--- RECORDED INFORMATION Enclosed Below ---

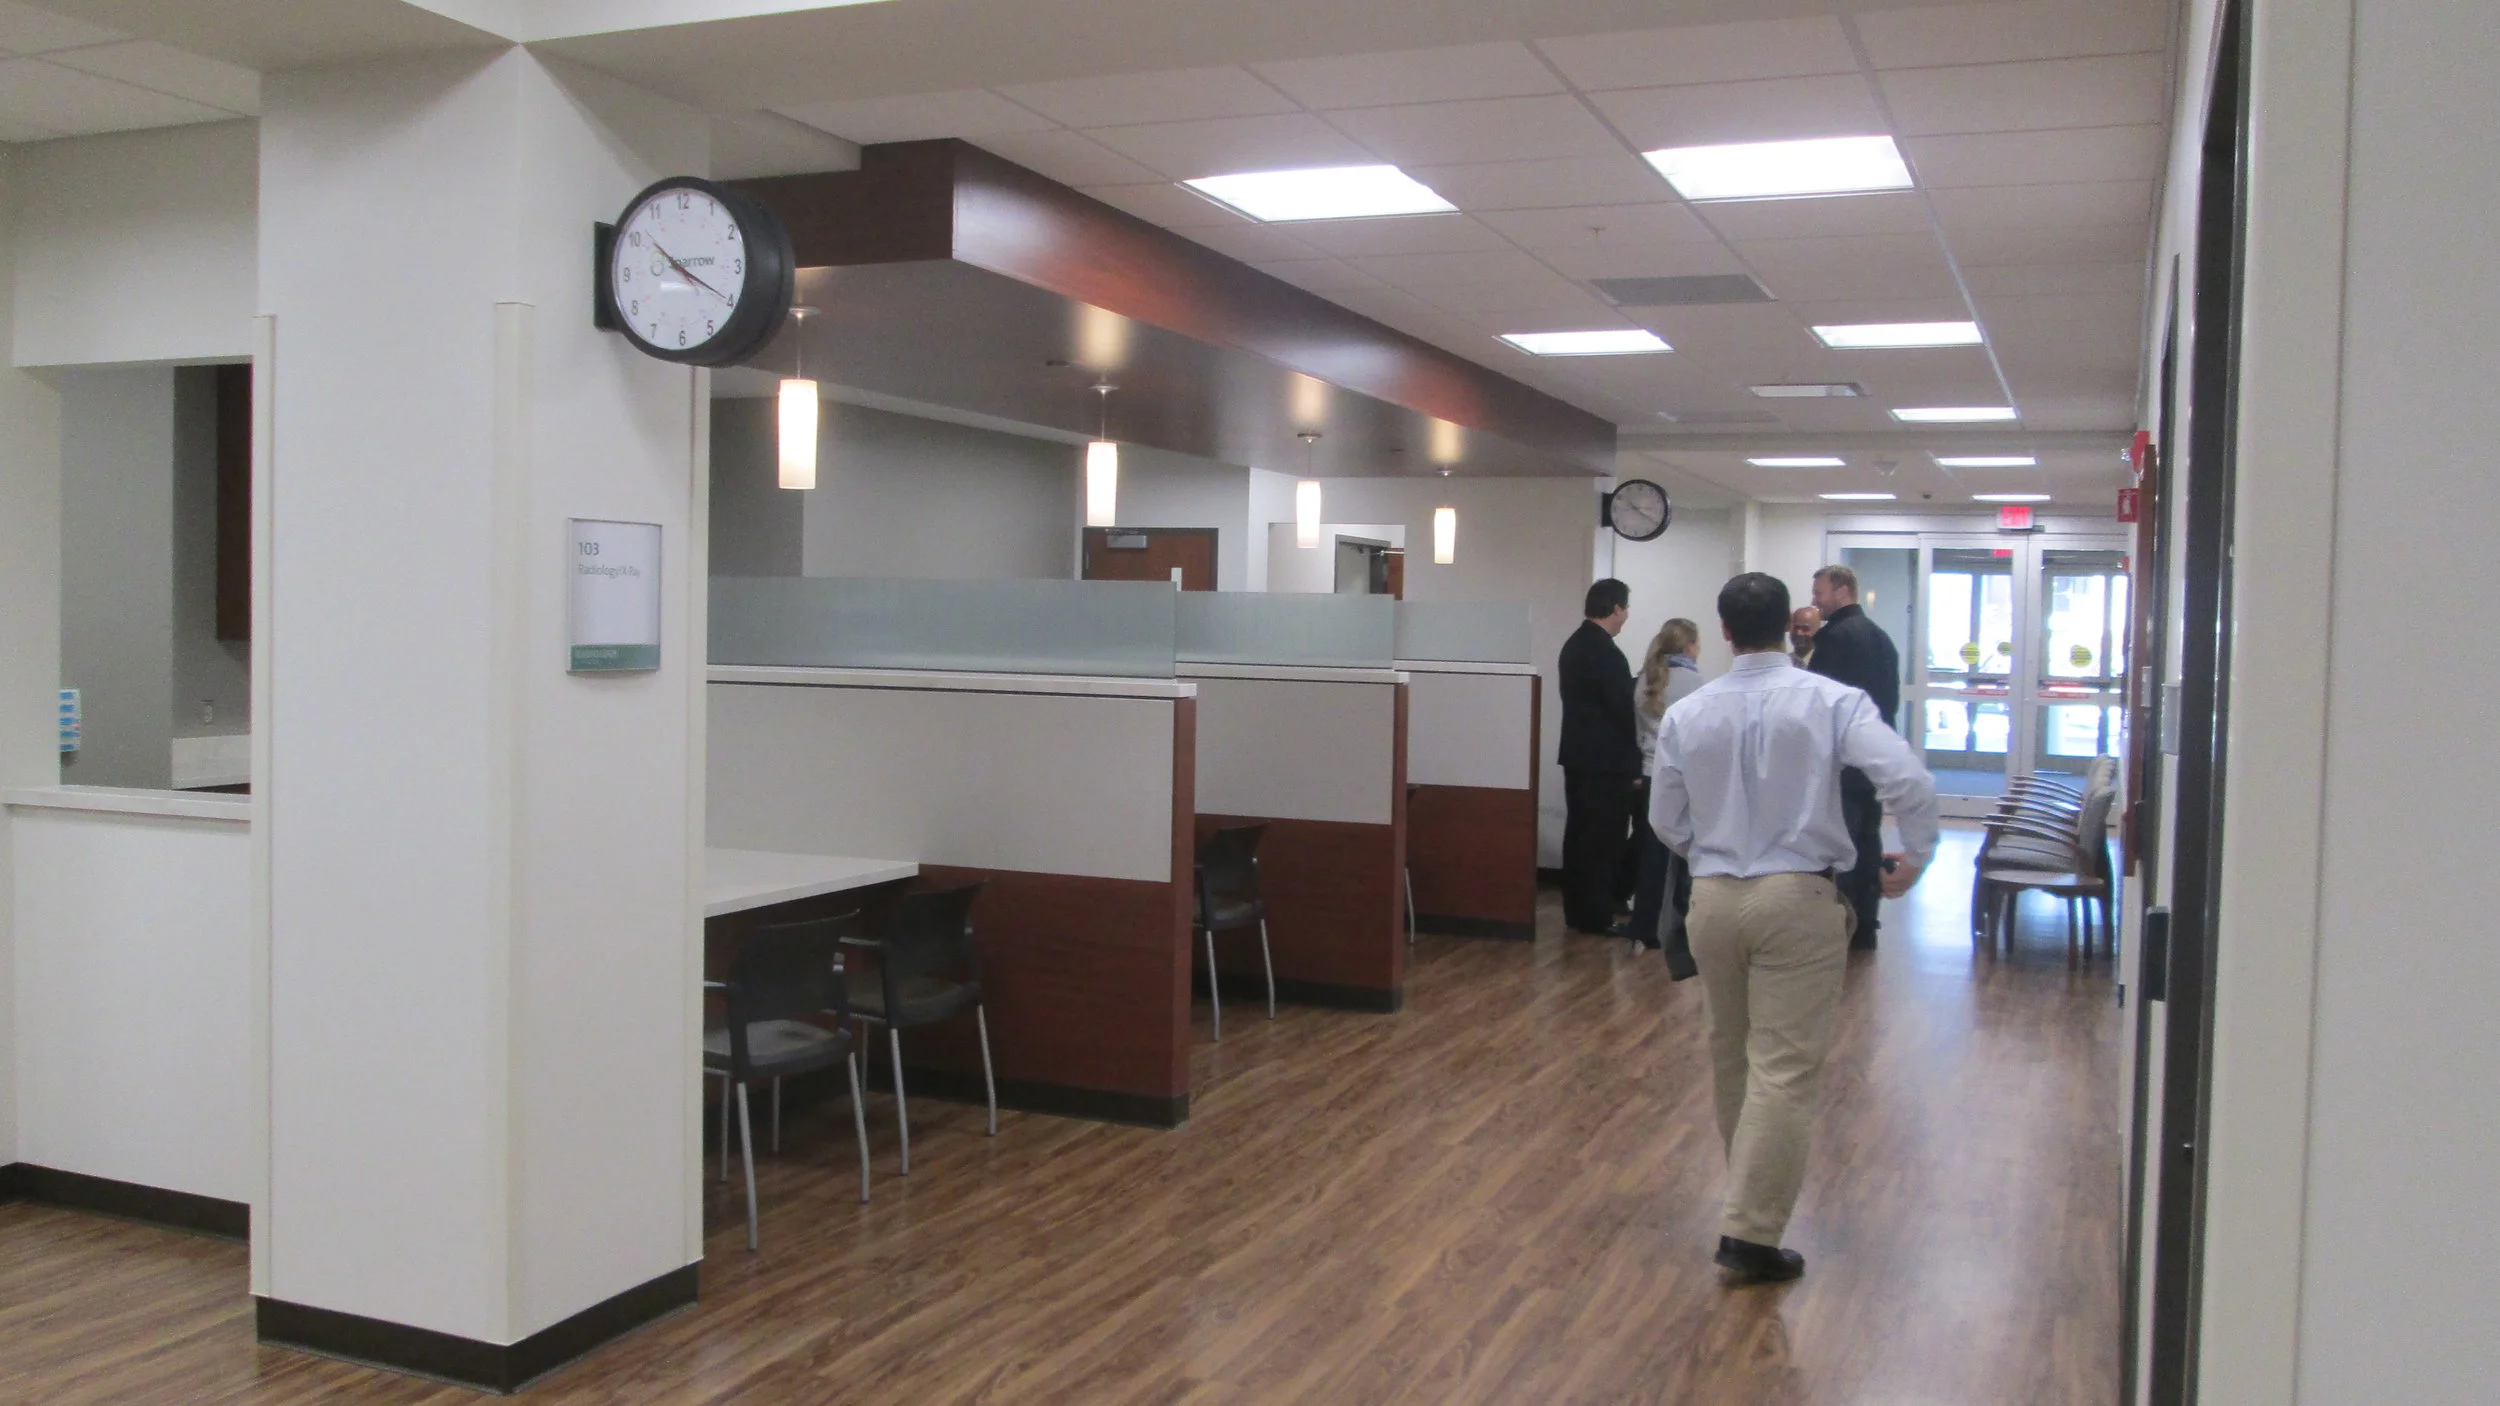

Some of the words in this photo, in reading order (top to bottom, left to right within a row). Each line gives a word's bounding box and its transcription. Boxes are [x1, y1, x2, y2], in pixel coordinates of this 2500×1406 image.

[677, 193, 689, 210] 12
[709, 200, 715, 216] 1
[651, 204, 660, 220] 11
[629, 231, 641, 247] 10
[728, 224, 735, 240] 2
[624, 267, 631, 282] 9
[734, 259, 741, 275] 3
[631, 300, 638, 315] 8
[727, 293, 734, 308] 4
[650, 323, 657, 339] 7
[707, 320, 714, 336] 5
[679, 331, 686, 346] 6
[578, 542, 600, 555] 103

--- End of Enclosed RECORDED INFORMATION ---

# YOUR ASSIGNMENT
Apart from the pictures, every record must be set down exactly.

# WRITTEN ANSWER
Some of the words in this photo, in reading order (top to bottom, left to right within a row). Each line gives a word's bounding box and its transcription. Boxes are [x1, y1, x2, y2], in pixel coordinates of this 2500×1406 image.

[677, 193, 689, 210] 12
[709, 200, 715, 216] 1
[651, 204, 660, 220] 11
[629, 231, 641, 247] 10
[728, 224, 735, 240] 2
[624, 267, 631, 282] 9
[734, 259, 741, 275] 3
[631, 300, 638, 315] 8
[727, 293, 734, 308] 4
[650, 323, 657, 339] 7
[707, 320, 714, 336] 5
[679, 331, 686, 346] 6
[578, 542, 600, 555] 103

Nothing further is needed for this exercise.